» Brief
Copy out each entry precisely; no image belongs in the result.

[Phrase grounding data]

━━━━━━━━━━━━━━━━

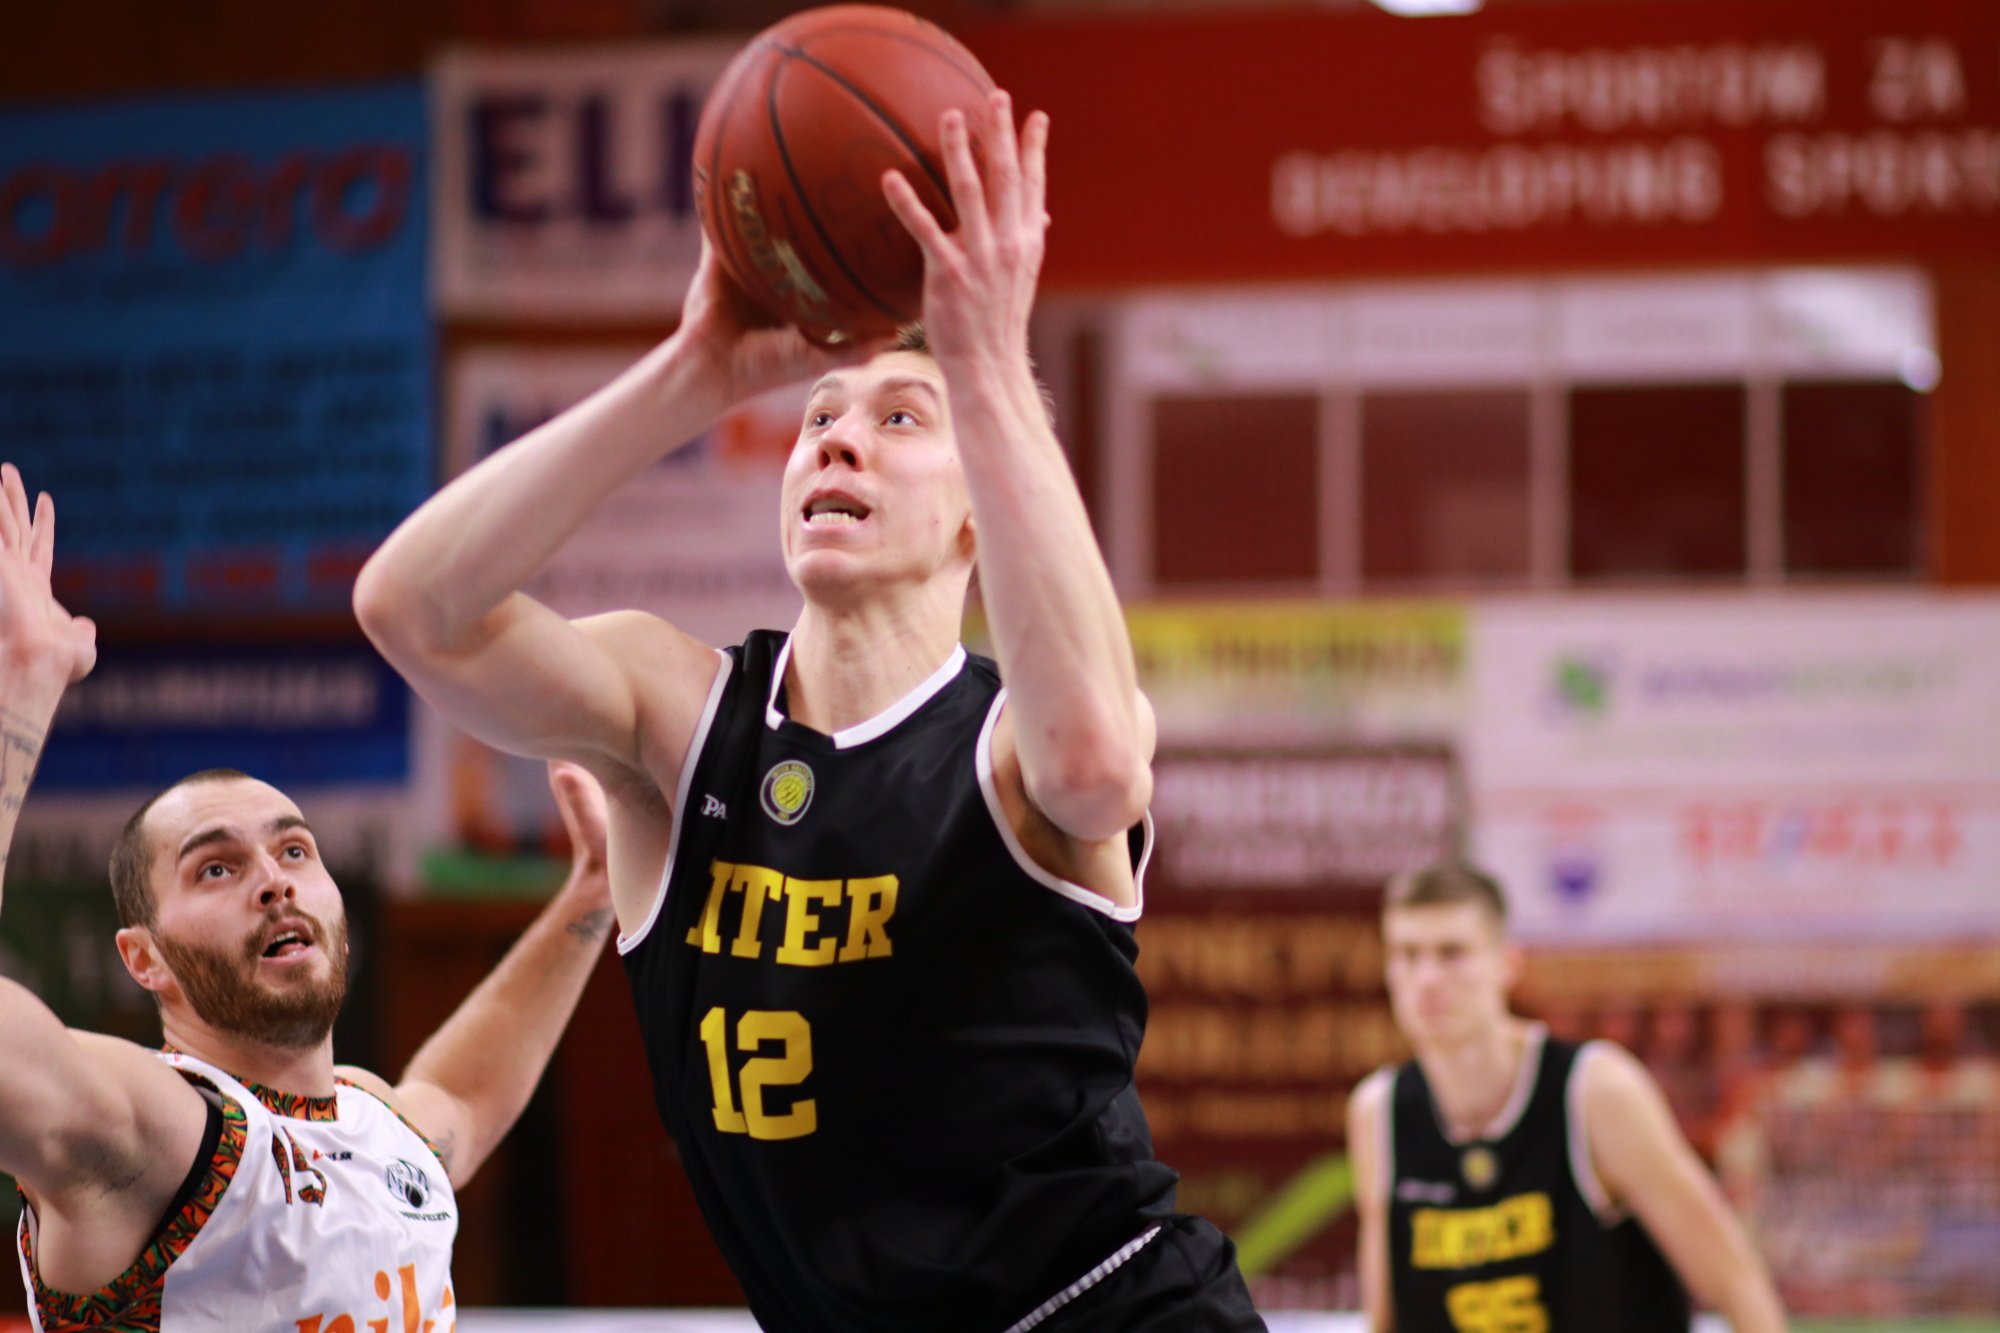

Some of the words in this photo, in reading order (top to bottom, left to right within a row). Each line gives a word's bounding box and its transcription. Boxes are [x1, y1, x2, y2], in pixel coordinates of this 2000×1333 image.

[1870, 40, 1965, 120] ZA
[1272, 136, 1721, 236] DEVELOPING
[701, 1007, 817, 1140] 12
[272, 1126, 327, 1208] 15

━━━━━━━━━━━━━━━━

» Answer to this problem
Some of the words in this photo, in reading order (top to bottom, left to right within a row). Each line gives a word's bounding box and its transcription. Boxes are [x1, y1, x2, y2], in pixel coordinates of this 2000×1333 image.

[1870, 40, 1965, 120] ZA
[1272, 136, 1721, 236] DEVELOPING
[701, 1007, 817, 1140] 12
[272, 1126, 327, 1208] 15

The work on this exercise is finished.